Collected data:
== Segment start ==

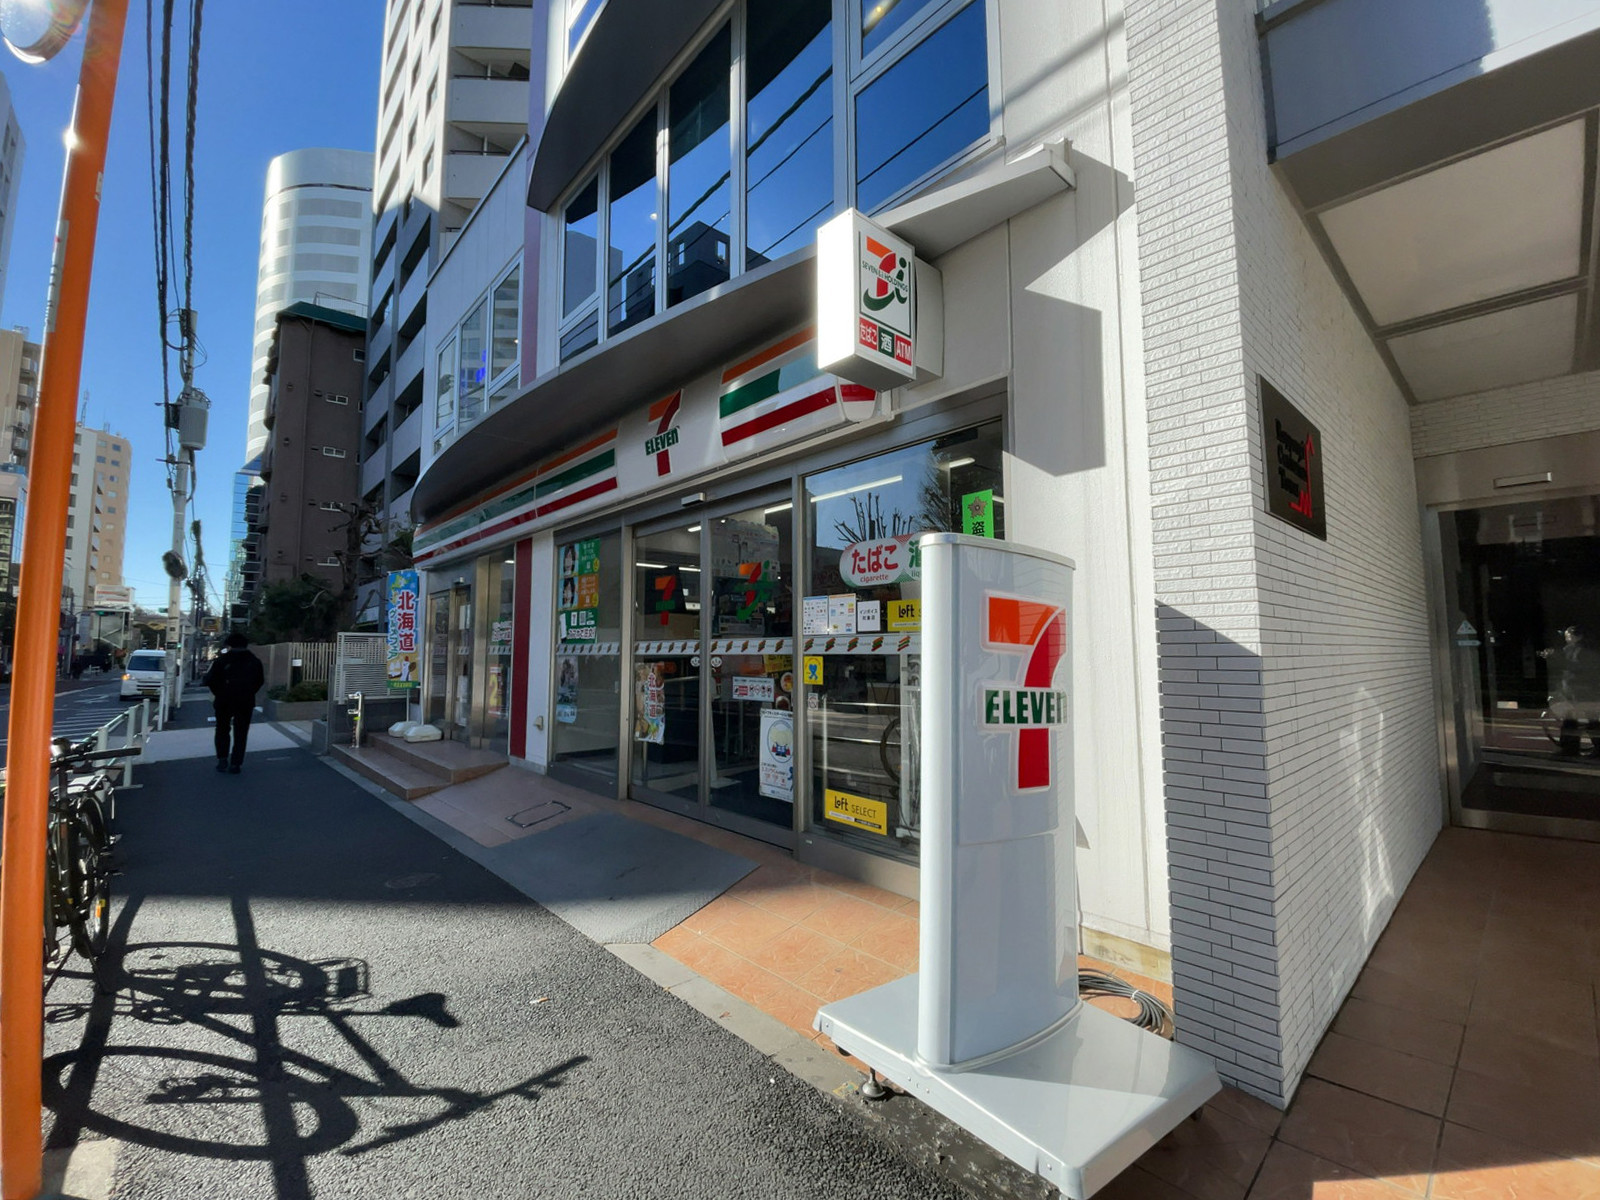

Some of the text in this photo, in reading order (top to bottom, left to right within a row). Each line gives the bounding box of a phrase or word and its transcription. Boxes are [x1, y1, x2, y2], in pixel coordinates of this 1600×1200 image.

[860, 322, 877, 346] たばこ
[880, 332, 893, 353] 酒
[896, 340, 912, 362] ATM
[851, 544, 899, 575] たばこ
[860, 573, 889, 583] cigarette
[397, 591, 415, 651] 北海道
[851, 804, 877, 819] SELECT
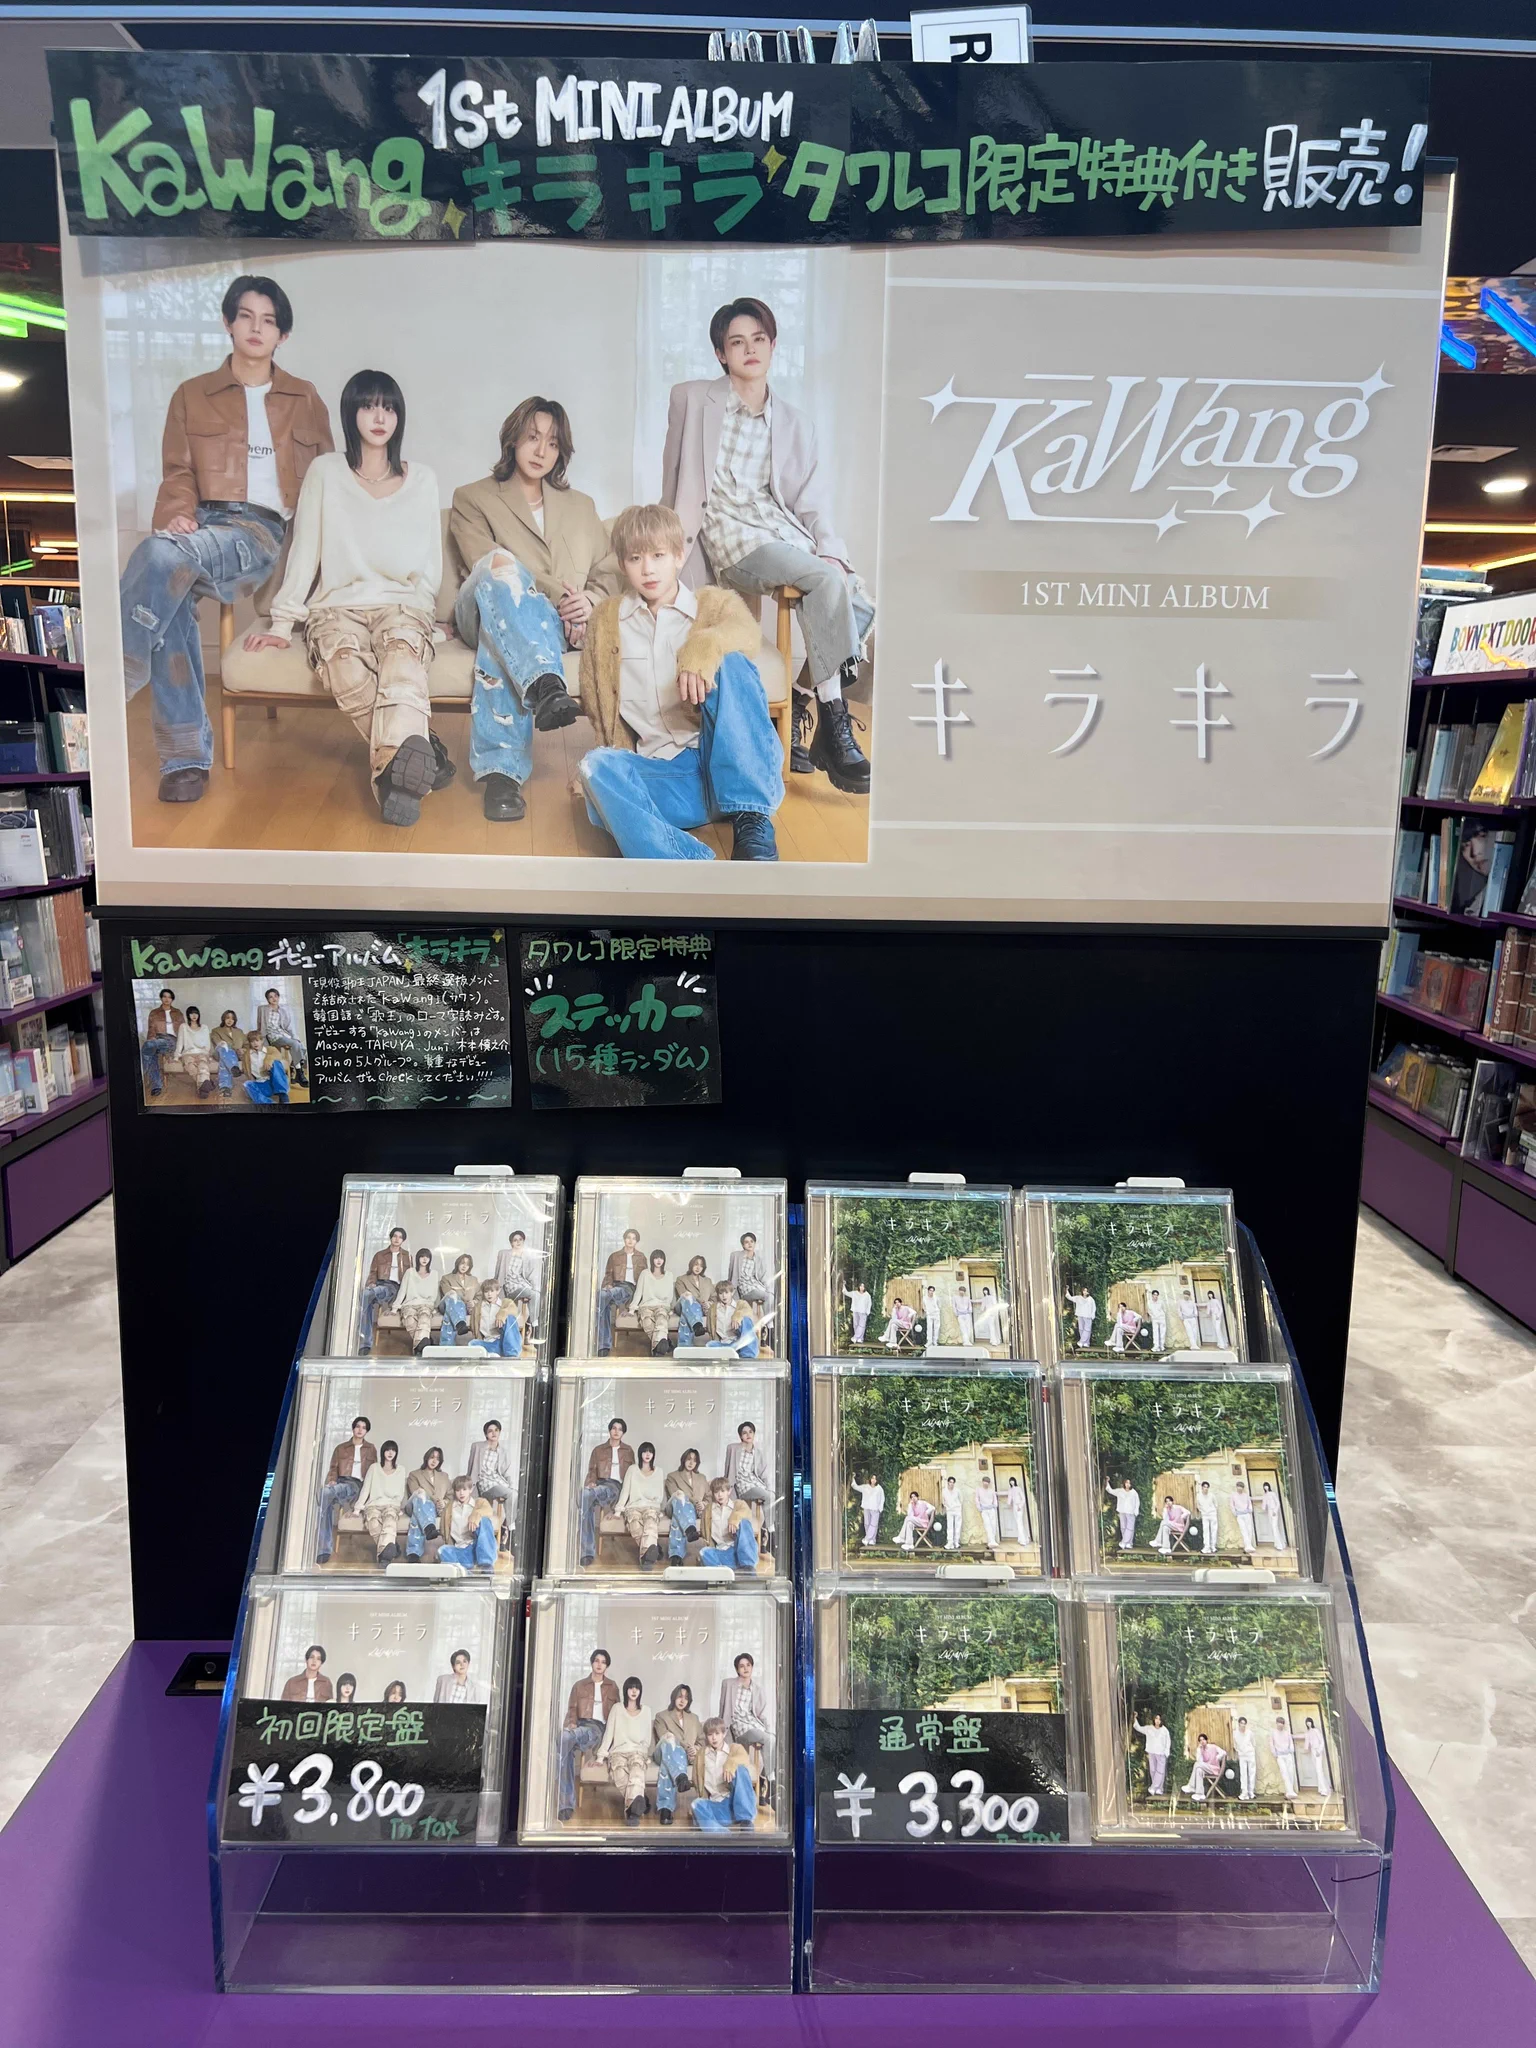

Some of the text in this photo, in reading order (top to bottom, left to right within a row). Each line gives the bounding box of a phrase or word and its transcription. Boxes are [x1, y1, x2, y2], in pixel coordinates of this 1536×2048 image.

[536, 74, 662, 147] MINI
[660, 85, 793, 146] ALBUM
[69, 97, 433, 237] KaWang
[921, 372, 1374, 524] KaWang
[1021, 581, 1271, 610] 1ST MINI ALBUM
[908, 657, 1364, 759] キラキラ
[528, 934, 712, 967] タワレコ限定特典
[529, 984, 704, 1038] ステッカー
[256, 1706, 429, 1746] 初回限定盤
[879, 1714, 990, 1753] 通常盤

== Segment end ==

:: Task ::
The required output is the lines from the one holding "this 1536×2048 image." through the last line of the entries above, copied exactly.

:: Output below ::
Some of the text in this photo, in reading order (top to bottom, left to right within a row). Each line gives the bounding box of a phrase or word and its transcription. Boxes are [x1, y1, x2, y2], in pixel coordinates of this 1536×2048 image.

[536, 74, 662, 147] MINI
[660, 85, 793, 146] ALBUM
[69, 97, 433, 237] KaWang
[921, 372, 1374, 524] KaWang
[1021, 581, 1271, 610] 1ST MINI ALBUM
[908, 657, 1364, 759] キラキラ
[528, 934, 712, 967] タワレコ限定特典
[529, 984, 704, 1038] ステッカー
[256, 1706, 429, 1746] 初回限定盤
[879, 1714, 990, 1753] 通常盤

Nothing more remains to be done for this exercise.